Western Sandpipers stop in this BC Mudflat to feed during their 10,000 km migration

Western sandpipers are small coastal birds that weigh as much as a slice of bread. Every spring migrate from their wintering land until the south of Peru to reproduction sites in Alaska and Siberia. They stop to refuel in some key places of the journey (which can be more than 10,000 kilometers long), including Roberts Bank’s flat mud flat near Vancouver.
Roberts Bank provides one of the latest meals for birds on their north trip: the next stop stop is the estuary of the Stikine river, more than 850 kilometers away.
The documentary The last Sandpipers dinner, Written and directed by Isabelle Groc, he captures tens of thousands of western sandpipers while covering Roberts Bank. Explore why this Mudflat place alongside Gct Deltaport, a large terminal shipping content-is vital for their survival.
“If this Mudflat were not here and was not in this condition, then the birds would not be here,” says Adam Ross, a 14 -year -old Birdwatcher in the film.
It is estimated that from 42 to 64 percent of the global population of Western sandpiper is based on Roberts Bank to rest and refuel, and that almost all Western sandpipers will use the site at least once in their lives.
Because the western sandpipers stop at Roberts Bank
For decades, scientists believed that the western sandpipers were snapped on small marine invertebrates found in the mud.
But in the 90s, Bob Elner, an emeritus scientist in the environment and climate Change Canada, began to question the theory.
“I spent many, many hours on Roberts Bank, only looking at the western sandpipers, realizing that we had a huge enigma here,” he says in the film.

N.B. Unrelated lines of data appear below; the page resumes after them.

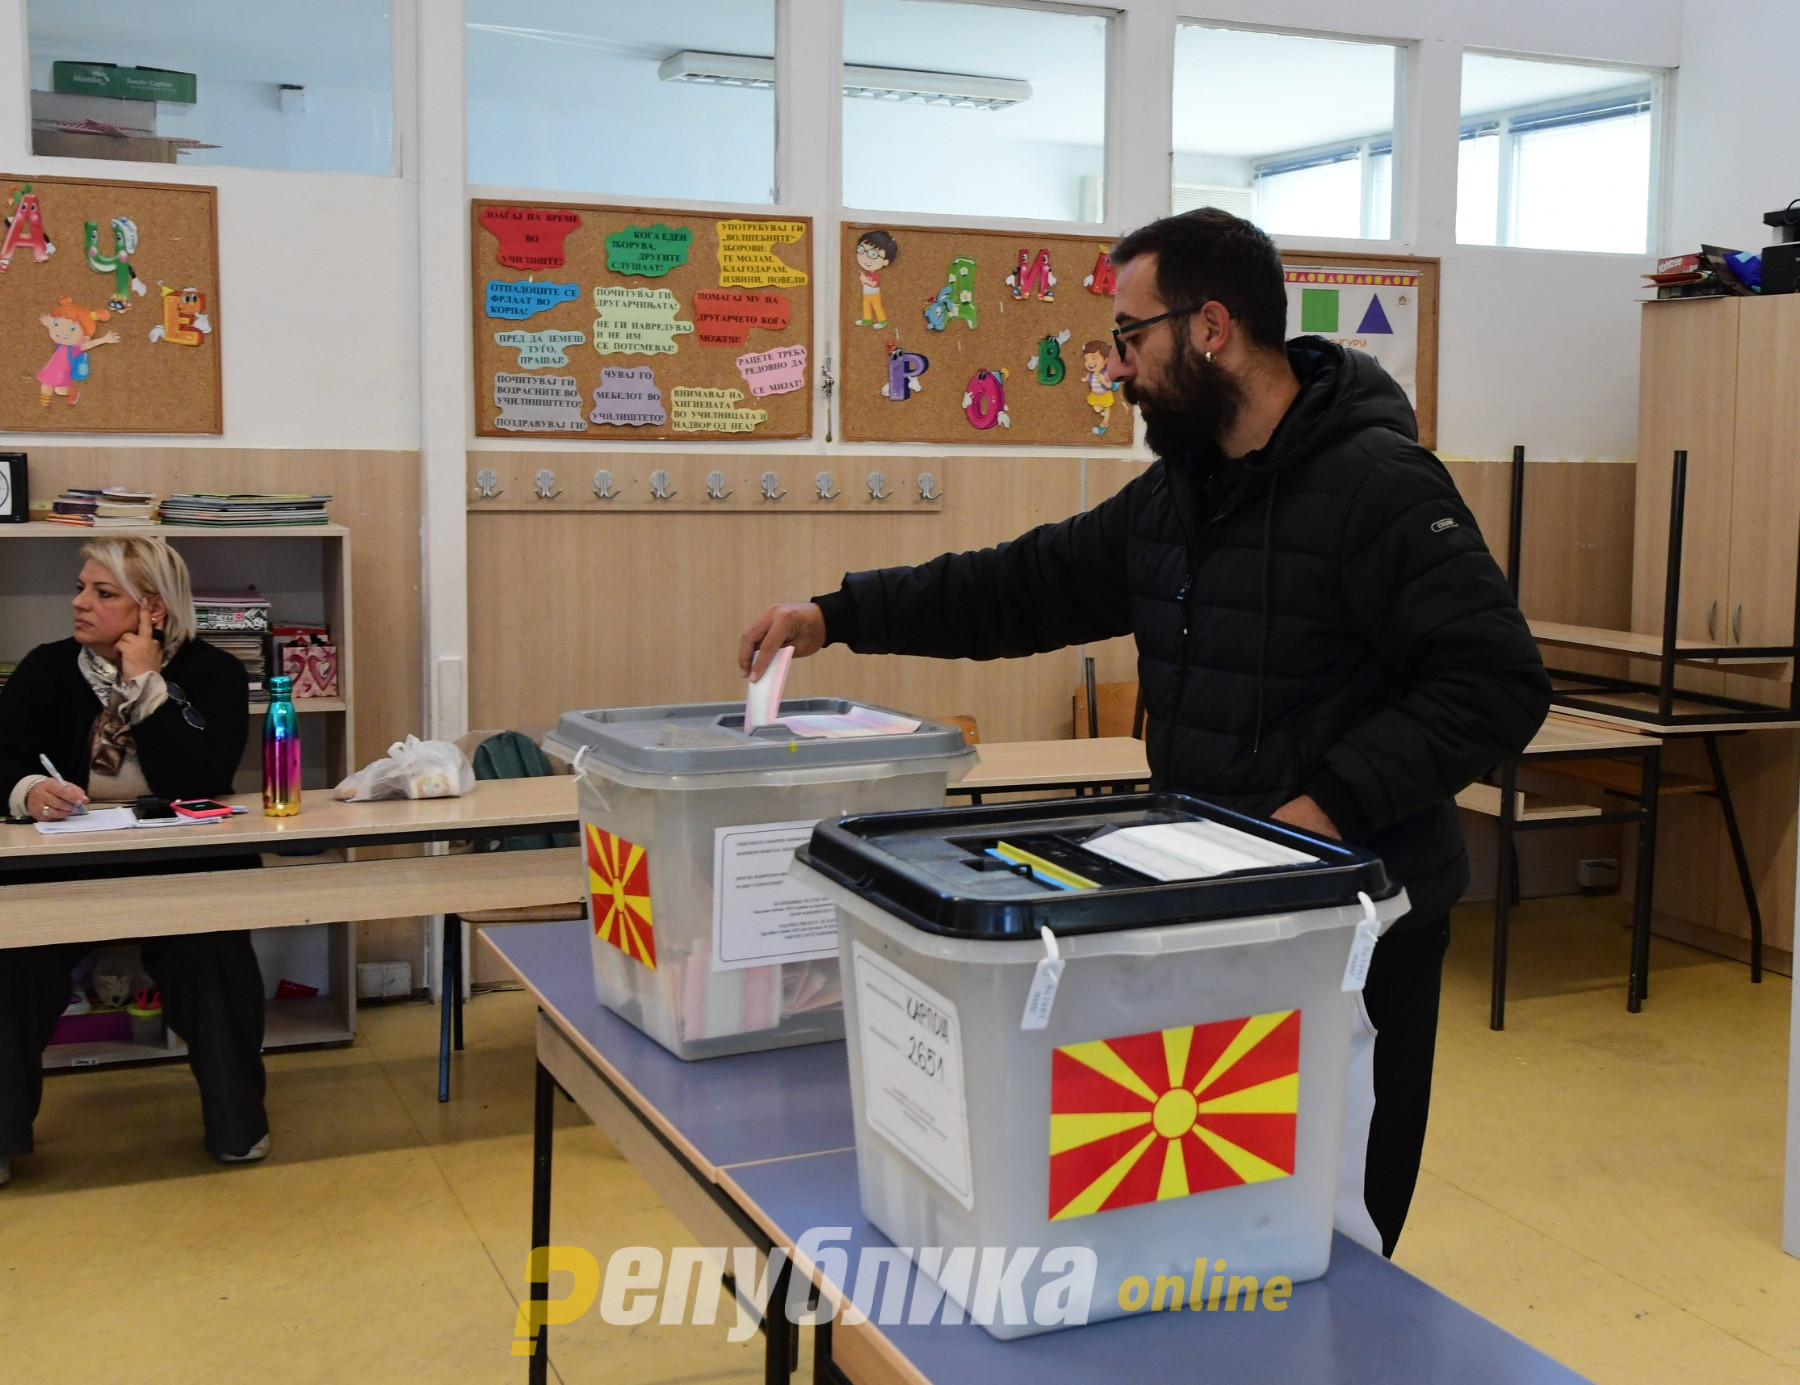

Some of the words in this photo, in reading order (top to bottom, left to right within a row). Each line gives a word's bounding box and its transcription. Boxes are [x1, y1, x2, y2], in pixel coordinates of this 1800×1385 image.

[721, 223, 787, 232] УПОТРЕБУВАЈ
[791, 224, 803, 232] ГИ
[525, 235, 539, 243] ВО
[633, 231, 660, 240] КОГА
[662, 233, 687, 242] ЕДЕН
[638, 253, 682, 263] ДРУГИТЕ
[722, 254, 734, 263] ТЕ
[490, 284, 560, 297] ОТПАДОЦИТЕ
[564, 289, 577, 297] СЕ
[596, 288, 654, 299] ПОЧИТУВАЈ
[659, 291, 671, 300] ГИ
[536, 298, 550, 306] ВО
[698, 292, 742, 302] ПОМАГАЈ
[746, 295, 760, 303] МУ
[697, 313, 757, 324] ДРУГАРЧЕТО
[761, 316, 786, 325] КОГА
[596, 320, 610, 329] НЕ
[614, 321, 627, 329] ГИ
[631, 322, 692, 332] НАВРЕДУВАЈ
[499, 334, 525, 343] ПРЕД
[529, 335, 543, 343] ДА
[549, 335, 583, 343] ЗЕМЕШ
[608, 332, 621, 340] НЕ
[625, 332, 642, 340] ИМ
[596, 342, 609, 350] СЕ
[738, 353, 774, 366] РАЦЕТЕ
[777, 348, 806, 359] ТРЕБА
[744, 362, 788, 375] РЕДОВНО
[790, 359, 804, 368] ДА
[604, 370, 635, 379] ЧУВАЈ
[639, 372, 652, 380] ГО
[497, 375, 557, 386] ПОЧИТУВАЈ
[561, 379, 574, 387] ГИ
[497, 386, 562, 397] ВОЗРАСНИТЕ
[564, 389, 578, 398] ВО
[674, 389, 725, 398] ВНИМАВАЈ
[729, 391, 742, 399] НА
[752, 386, 765, 395] СЕ
[596, 391, 643, 400] МЕБЕЛОТ
[647, 393, 660, 401] ВО
[674, 400, 731, 409] ХИГИЕНАТА
[674, 410, 687, 418] ВО
[691, 411, 756, 420] УЧИЛНИЦАТА
[496, 418, 565, 429] ПОЗДРАВУВАЈ
[674, 421, 712, 429] НАДВОР
[713, 422, 727, 430] ОД

Roberts Bank’s mud has little oxygen and is, for the most part, free of invertebrate food visible for birds. So Elner and his colleagues started investigating what they could eat.
When they looked inside the stomach of western sandpopers, they were practically empty.
“Everything I could see in the stomach were some sand particles and a good dose of liquid,” says Elner. “So the mystery deepened.”
Subsequently, they looked more closely inside the sandpipers bills and, surprised with them, they discovered that birds had a very hairy language – “like a broom,” says Elner.

Using an electronic microscope to look between the hair, they found microscopic organisms called diatomee.
It turns out that the birds stopped at Roberts Bank to make special Snock: a base biofilm that covers the surface of the mud every spring, just when thousands of coastal birds arrive on the parking site. Biofilm is rich in omega-3 fatty acids produced by diatomee.
This is the energy drink that western sandproes need to complete their journey to reproduction sites in Alaska and Siberia. “No other bird that we know about biofilm feed,” says Elner.
Roberts Bank at risk
Roberts Bank is the last large basement mud remained in the summer of the Fraser river that provides this biofilm.
However, the site is intended for an important expansion of the port, which could compromise essential biofilm for millions of coastal migratory birds.
“With the threats of the development of the port, this bank will extinguish ecologically,” says Elner. “There is no known way to recreate Biofilm this productive … if it goes, this is the end of this as a parking stop. The birds will suffer very negative consequences. That species would be directed to the insurance.”
Roberts Bank’s loss would influence the wider ecosystem – including Orcas, Chinook Salmon and other species – and residents in nearby First Nation Tsawwssen.
“He has the largest Crabbing land promptly available, the closest to us,” says Steven Stark, a member of the Tsawwssen band. “This is historically our fishing and our crabbing and our collection soils. … The estuary, it is like a living organism and that breathes out there. In a certain sense it works together to survive and protect.”

In the documentary, The nature of things The presenter Sarika Cullis-Suzuki joins Elner and Ross on Roberts Bank’s Mudflats to find out more about the migration of western sandpiper and on the importance of the base biofilm for the survival of birds.
Clock The last Sandpipers dinner On CBC GEM E The nature of things YouTube channel.